Despite the potential interference of herbal products with antitumoural chemotherapy [73], different surveys report herbal use among children with cancer as an adjunct to conventional or supportive therapy, especially to reduce the side effects of chemotherapy. An analysis of such surveys showed that the prevalence of herbal use is as high as 20% and a large proportion of users communicate this use to their physician.
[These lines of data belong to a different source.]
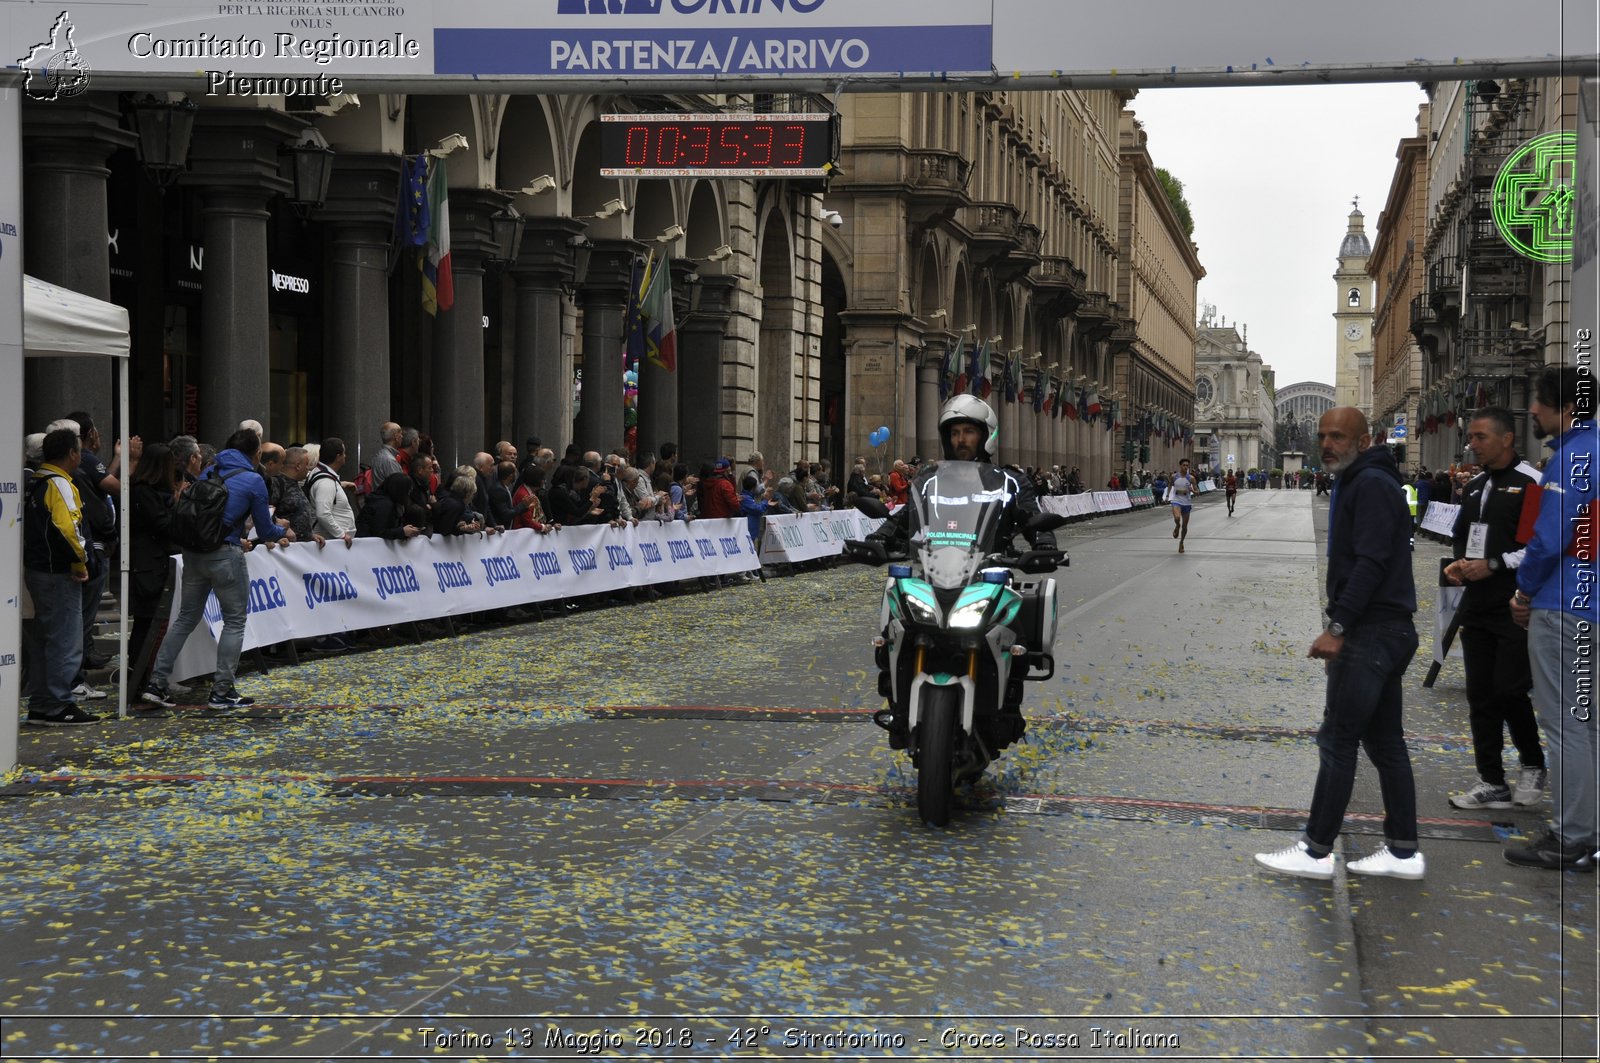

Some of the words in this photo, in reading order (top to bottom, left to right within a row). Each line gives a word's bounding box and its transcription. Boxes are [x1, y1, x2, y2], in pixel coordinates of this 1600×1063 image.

[218, 5, 243, 15] PER
[246, 5, 262, 15] LA
[266, 5, 323, 16] RICERCA
[325, 6, 350, 16] SUL
[352, 6, 405, 17] CANCRO
[290, 19, 332, 29] ONLUS
[550, 36, 869, 73] PARTENZA/ARRIVO
[625, 126, 805, 165] 00:35:33
[271, 269, 310, 294] NESPRESSO
Fernandez et al. [74] surveyed 583 paediatric patients diagnosed with cancer in British Columbia between 1989 and 1995. Among the 366 respondents, 42% used complementary therapies, mostly herbal agents. Among 75 children treated for cancer at the Babies and Children's Hospital of New York and interviewed on the use of unconventional therapies, 20 (27%) reported having taken at least one herbal agent, and this use was not related to the severity of chemotherapy- or radiotherapy-induced side effects, but rather to improve the general health of the child. Green tea and cat's claw were the herbs most commonly used [75]. One hundred and one paediatric cancer patients in Washington State were identified and telephone interviews were conducted: 34.7% used herbal preparations for both primary and secondary prevention, mostly to maintain good health and to avoid non-cancer illnesses: these treatments were higher in children over 5 years of age and among patients with neurological tumours [76]. Other researchers [77] interviewed by telephone parents of children with cancer in the province of Saskatchewan (Canada) to estimate the prevalence of unconventional therapies. Among families responding to the survey, 36% reported using herbal products for their child. A survey [78] was conducted among parents of children treated at the oncologic clinic of Sainte Justine Hospital in Montreal: 18 of 92 parents who completed the questionnaire (20%) reported that their child used at least one herbal product. During a 6-month period,

110 consecutive paediatric patients with cancer attending a tertiary care hospital in western Mexico were interviewed on the use of unconventional treatments: 53 patients (69%) reported to have taken herbal or plant extracts, mostly to limit the side effects of conventional therapies [79]. A detailed questionnaire was completed by 95 patients attending the Paediatric Oncology Unit of Gazi in Turkey: 25 out of 95 (26.3 %) used at least one herbal product, mostly stinging nettle. The most frequently cited reason for using an herbal product was the belief that it could help cure the cancer [80].